=== Task item ===
Could you reproduce all the entries under this sentence exactly, leaving the images aside?

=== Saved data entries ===
********************

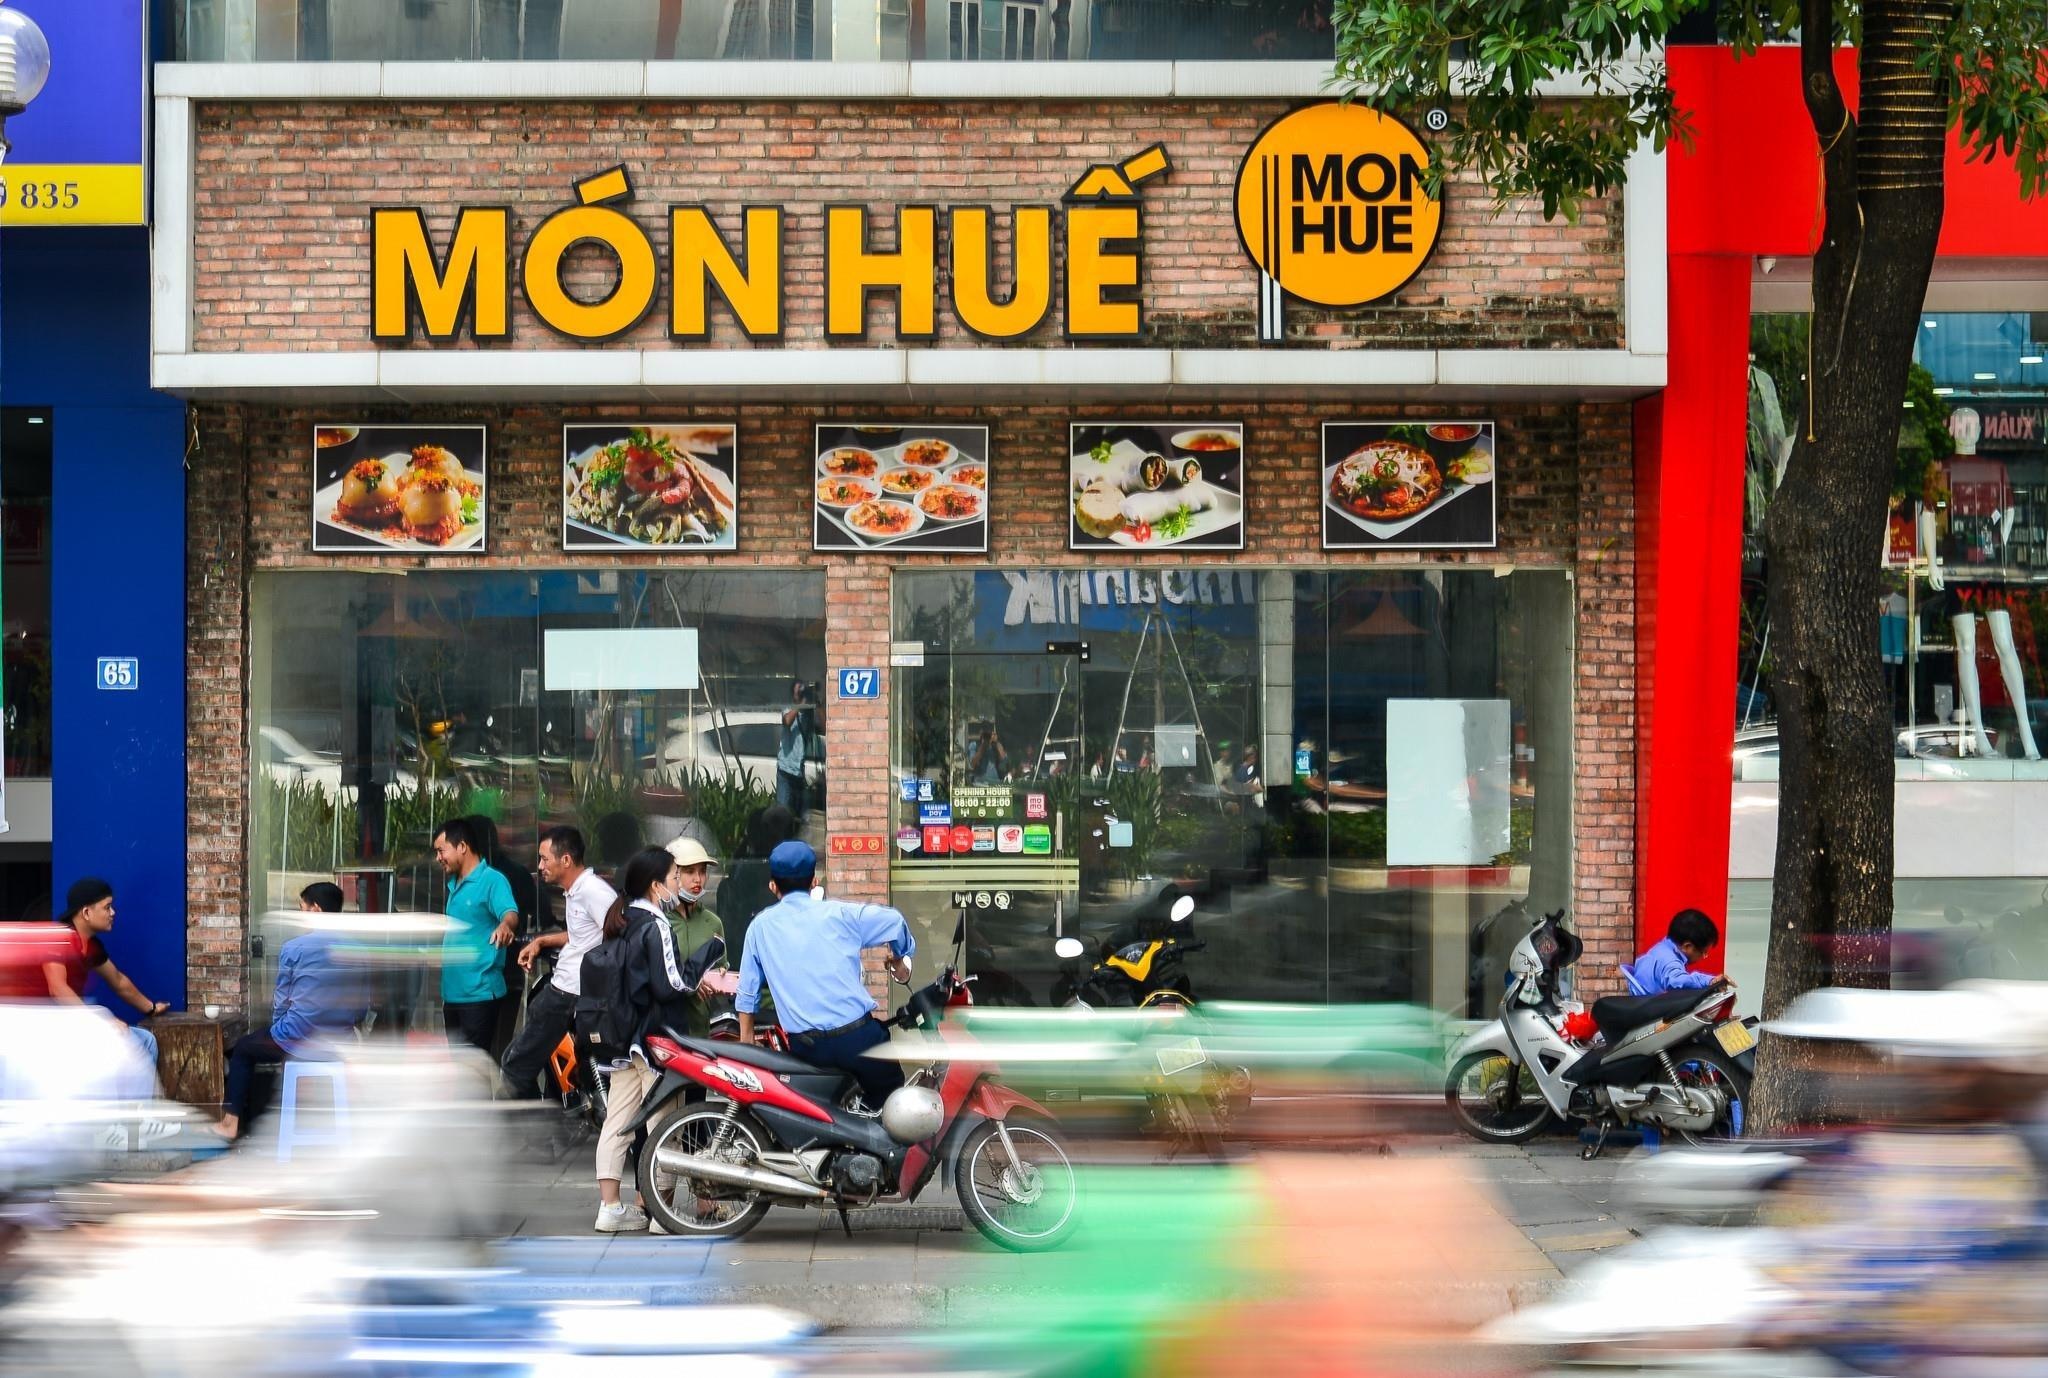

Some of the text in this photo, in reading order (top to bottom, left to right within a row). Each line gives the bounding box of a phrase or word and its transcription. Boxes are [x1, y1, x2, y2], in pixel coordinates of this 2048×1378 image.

[1292, 153, 1439, 203] MON
[21, 183, 79, 209] 835
[369, 141, 1173, 342] MÓN HUẾ
[1292, 205, 1413, 254] HUE
[104, 661, 131, 684] 65
[845, 671, 871, 694] 67
[954, 787, 1010, 796] OPENING HOURS
[954, 797, 979, 807] 08:00
[986, 797, 1011, 807] 22:00

********************

=== Solution to this problem ===
Some of the text in this photo, in reading order (top to bottom, left to right within a row). Each line gives the bounding box of a phrase or word and its transcription. Boxes are [x1, y1, x2, y2], in pixel coordinates of this 2048×1378 image.

[1292, 153, 1439, 203] MON
[21, 183, 79, 209] 835
[369, 141, 1173, 342] MÓN HUẾ
[1292, 205, 1413, 254] HUE
[104, 661, 131, 684] 65
[845, 671, 871, 694] 67
[954, 787, 1010, 796] OPENING HOURS
[954, 797, 979, 807] 08:00
[986, 797, 1011, 807] 22:00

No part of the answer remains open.